NYU researchers develop neural decoding that can give back lost speech

Diagram of the human head and the brain with signal readings

Losing the ability to speak due to neurological damage can be incredibly isolating. But thanks to recent advancements in technology, there's hope on the horizon. Scientists have been working on neural speech prostheses, special devices that can help people who have trouble speaking by translating brain activity into speech.

In a recent study published in Nature Machine Intelligence, a team of NYU researchers led by Yao Wang — Professor of Electrical and Computer Engineering and Biomedical Engineering at NYU Tandon, as well as a member of NYU WIRELESS — and Adeen Flinker —  Associate Professor of Biomedical Engineering at NYU Tandon and Neurology at NYU Grossman School of Medicine — and Tandon ECE Ph.D. student Xupeng Chen presented a significant advancement in the decoding of speech using neural architectures — turning signals recorded from the brain and transforming them into audible speech. Building upon previous research, their work introduces modifications that enhance decoding accuracy across a broader range of voices. 

One key innovation lies in the adaptation of neural architectures to accommodate diverse speech patterns. Recent strides in machine learning and Brain-Computer Interface (BCI) systems have propelled the development of neural speech prostheses, offering hope to those affected by speech impairments. 

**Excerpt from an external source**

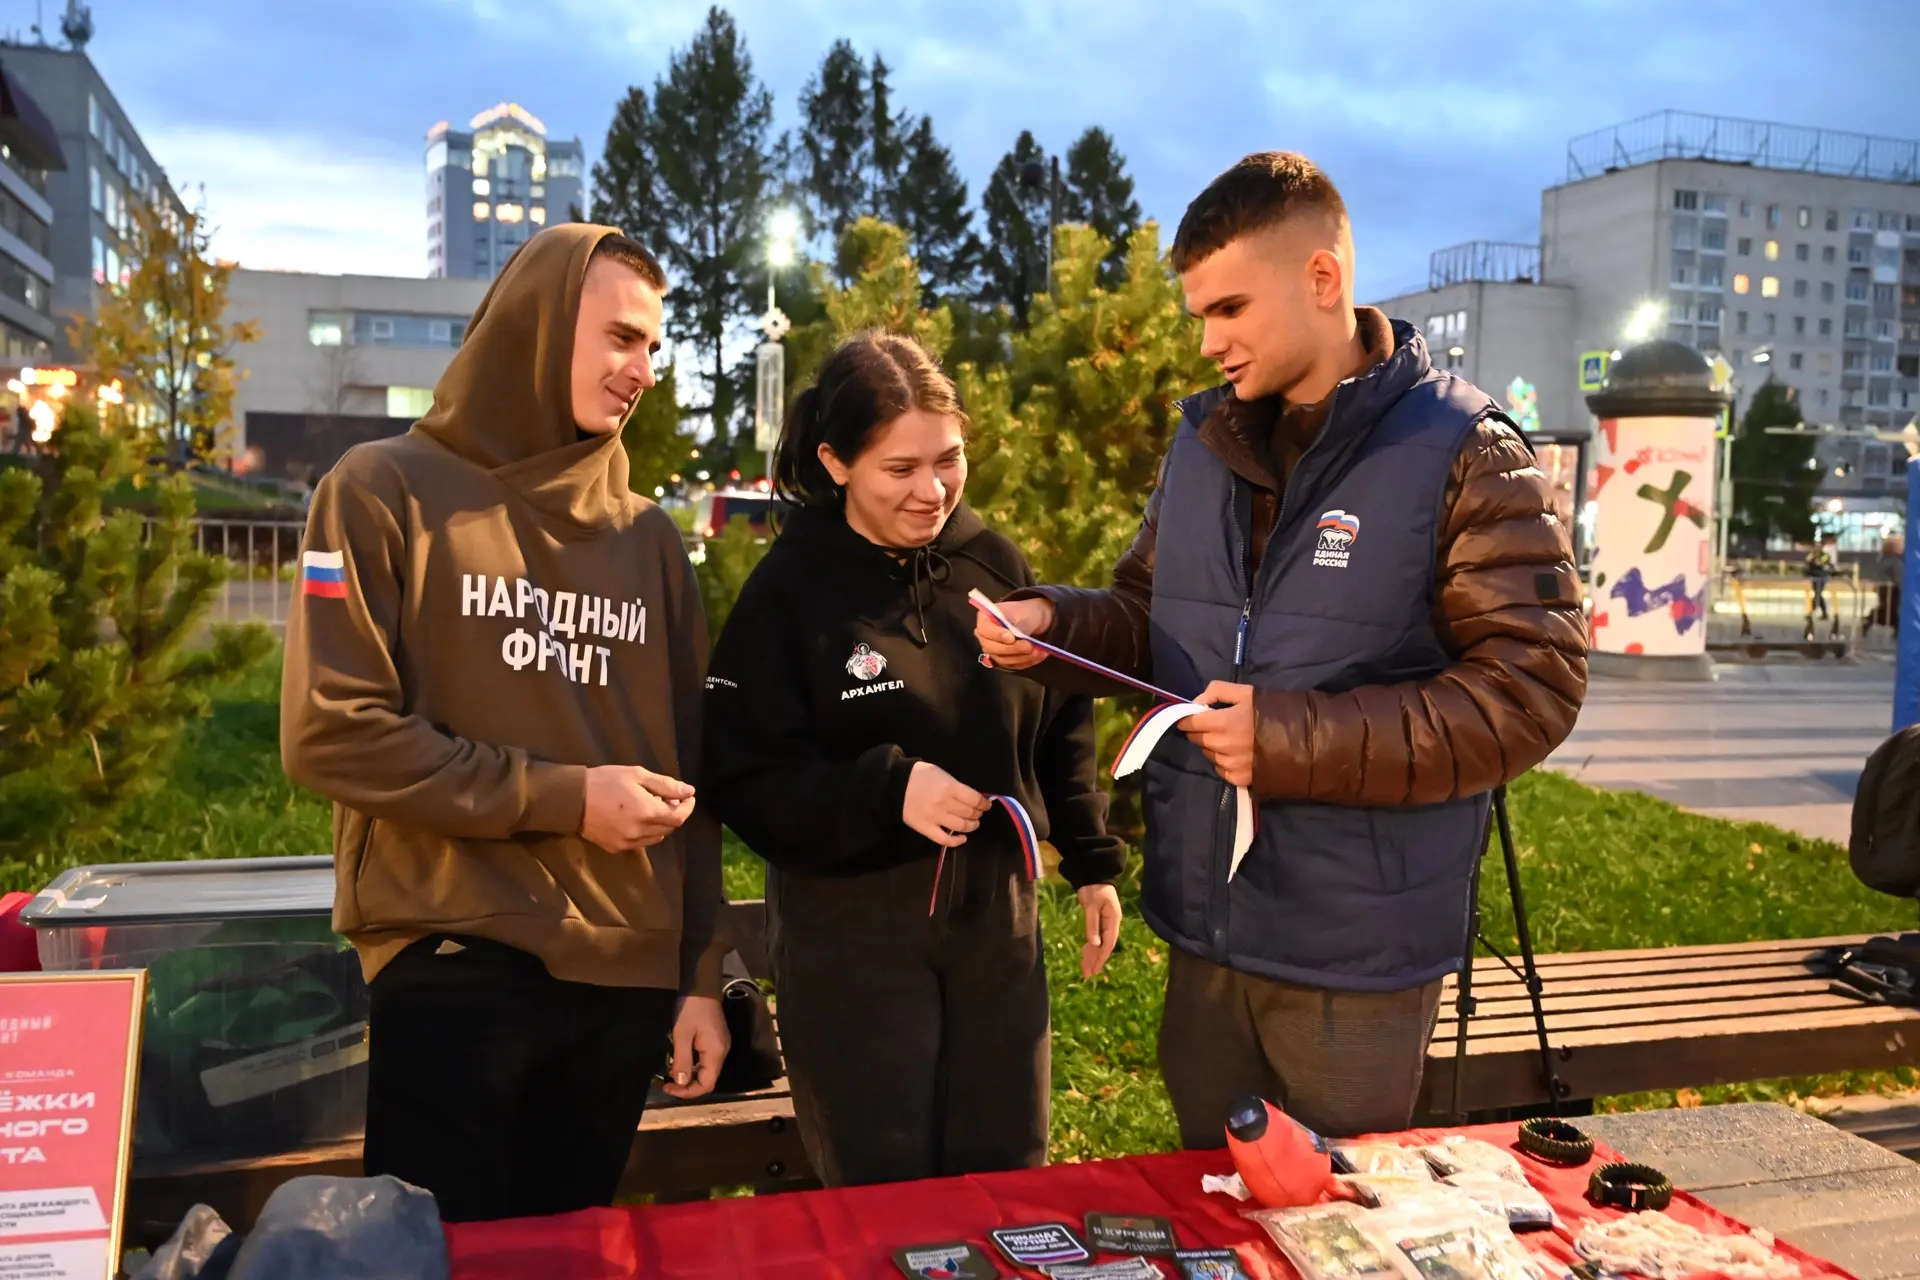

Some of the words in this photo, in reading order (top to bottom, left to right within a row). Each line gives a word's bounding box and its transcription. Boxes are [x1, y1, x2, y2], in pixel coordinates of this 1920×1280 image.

One effective method for gathering data to develop such prostheses involves Electrocorticographic (ECoG) recordings obtained from epilepsy surgery patients. Implanted electrodes provide a rare opportunity to collect cortical data during speech with high precision, leading to promising results in speech decoding. Previously validated on five patients, their updated approach now has been validated over 48 individuals — an order of magnitude larger than in other similar work, ensuring a more robust and generalized decoding process.

Two significant challenges persist in decoding speech from neural signals. Firstly, the limited duration of training data contrasts with the extensive data required for deep learning models. Secondly, speech production variability, encompassing rate, intonation, and pitch variations, complicates model representation. 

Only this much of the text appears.